Attorney General Martha Coakley may become the latest to jump into the burgeoning controversy over allegations of assembly-line style foreclosures at major mortgage industry loan servicers.
These are firms that are servicing mortgages originated by other lenders, including pushing forward with foreclosures when homeowners fall behind on their payments.
At issue are revelations that a GMAC Mortgage employee signed off on thousands of foreclosure documents without checking their accuracy. The GMAC middle manager has owned up to signing 10,000 foreclosures a month. That's 500 a day, or one per minute. How reassuring is that?
A spokeswoman for Coakley's office told me yesterday our AG is exploring the issue, but as a practice does not comment on whether a formal investigation has been launched.
I think we can read between the lines here, with attorney's general in Iowa, Illinois and Texas having launched formal investigations.
In fact as I write this, Connecticut Attorney General Richard Blumenthal has become the latest to take on GMAC, intervening on behalf of 2,400 homeowners across that state poised to lose their homes to foreclosure.
OK, if the bank is not breathing down your door, why care? Very simply, with the home buyer tax credit gone, the painful process of letting sales and prices fall until they hit their natural level has begun.
No recovery until we hit bottom. However, if court systems become jammed with challenges to faulty foreclosures, the whole process gets dragged out even longer, as Bloomberg explores in this piece.
Don't get me wrong - homeowners that have been screwed over by lender incompetence should get their day in court. But the rest of the real estate market is likely to pay a heavy toll for the failure of lenders to simply hire enough staff to ensure foreclosures are properly handled.
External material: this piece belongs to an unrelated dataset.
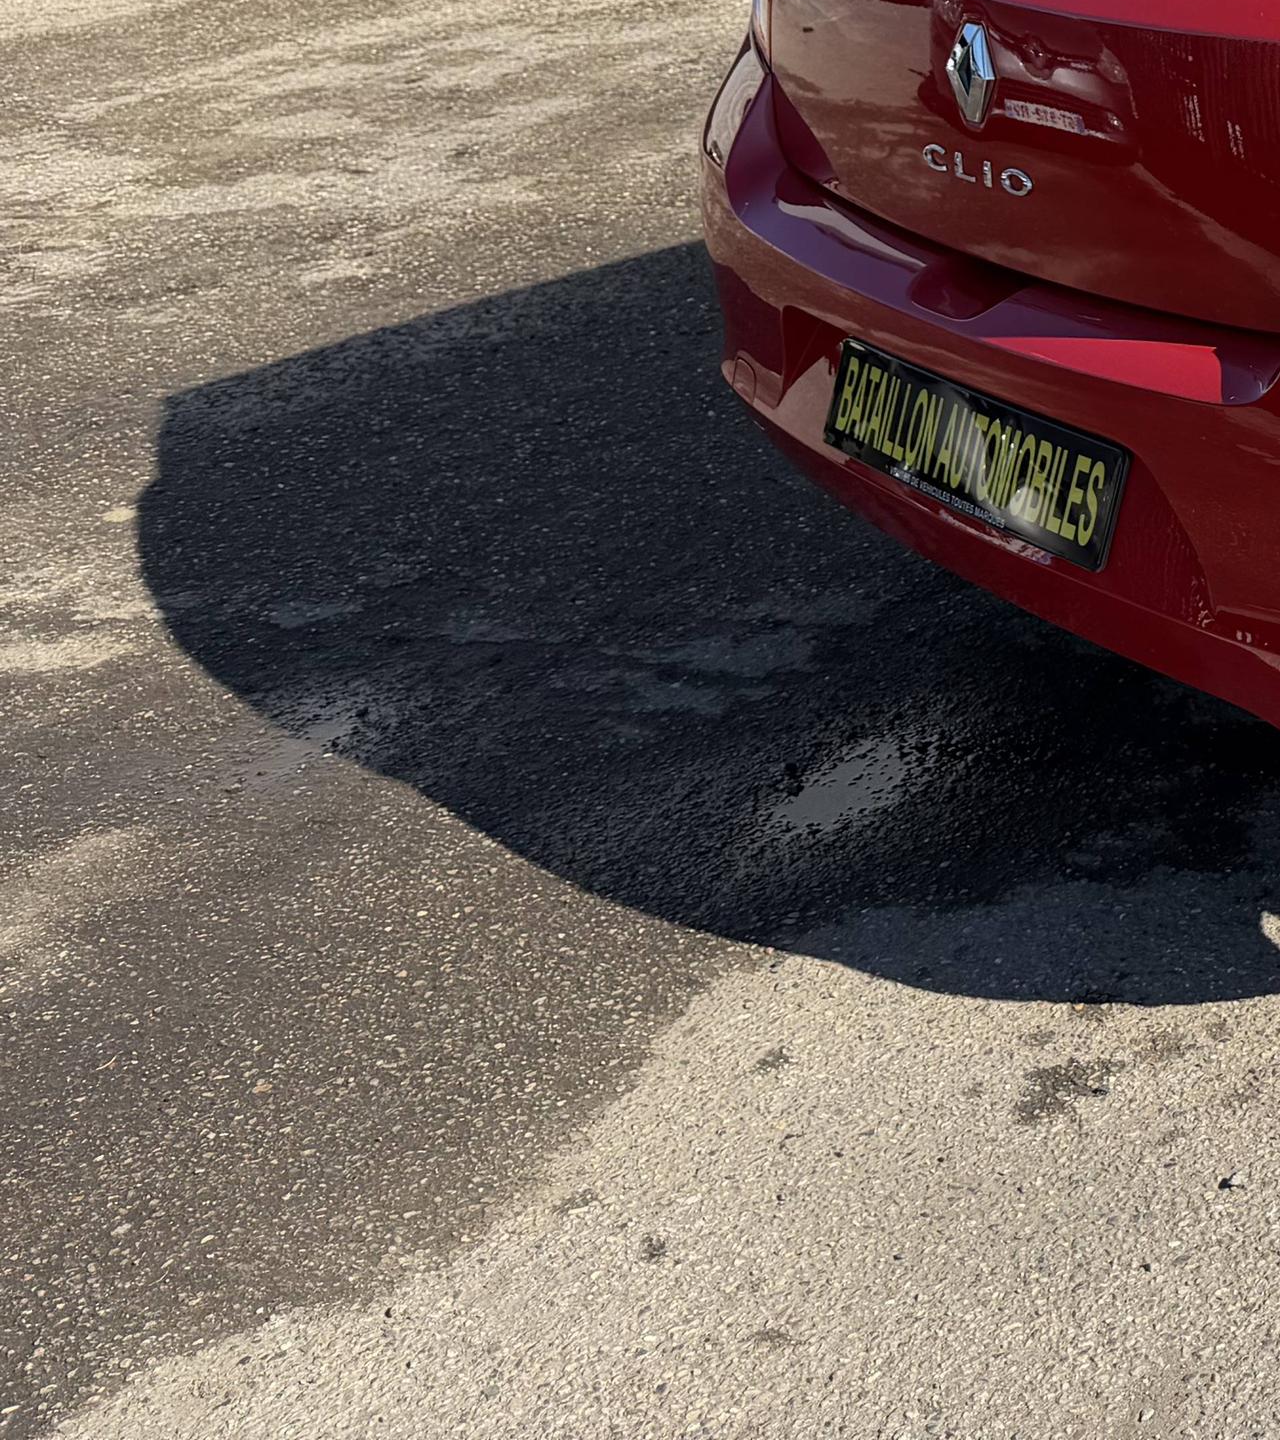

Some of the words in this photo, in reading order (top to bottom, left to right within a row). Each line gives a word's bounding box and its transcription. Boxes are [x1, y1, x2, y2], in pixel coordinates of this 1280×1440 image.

Now it makes more sense to me how some lenders have even messed up to the point where they have foreclosed on homes whose owners were current on their payments. One of the most bizarre case involved contractors for Bank of America who cleaned out the home of a Pittsburgh woman who was current on her payments, even taking her beloved parrot, Luke. The bank later apologized, but she was forced to drive 60 miles to pick up her traumatized pet.
Nor should anyone think GMAC employees were alone in blindly signing off on thousands of foreclosure documents.
A JP Morgan Chase & Co. executive has acknowledged in a court deposition that she also signed off on thousands of foreclosure documents a month without checking.
GMAC and JP Morgan Chase are part of a big five group of mortgage servicers - handling loans originated by another lender - that control more than 70 percent of this market.
And you and I are paying for these shoddy practices, with the U.S. government owning a 56 percent stake in GMAC Mortgage's parent company, Ally Financial.
How will this all play out here in Massachusetts?
GMAC has since suspended foreclosures in 23 states, but apparently not in Massachusetts and New Hampshire. While those other states require a judge to sign off on foreclosures, the Bay State and our ornery northern neighbor don't.
But Coakley has had a track record of aggressively pursuing cases against shoddy lending practices, winning foreclosure stays from subprime lenders and big settlements as well.
This is likely too big a target to pass up.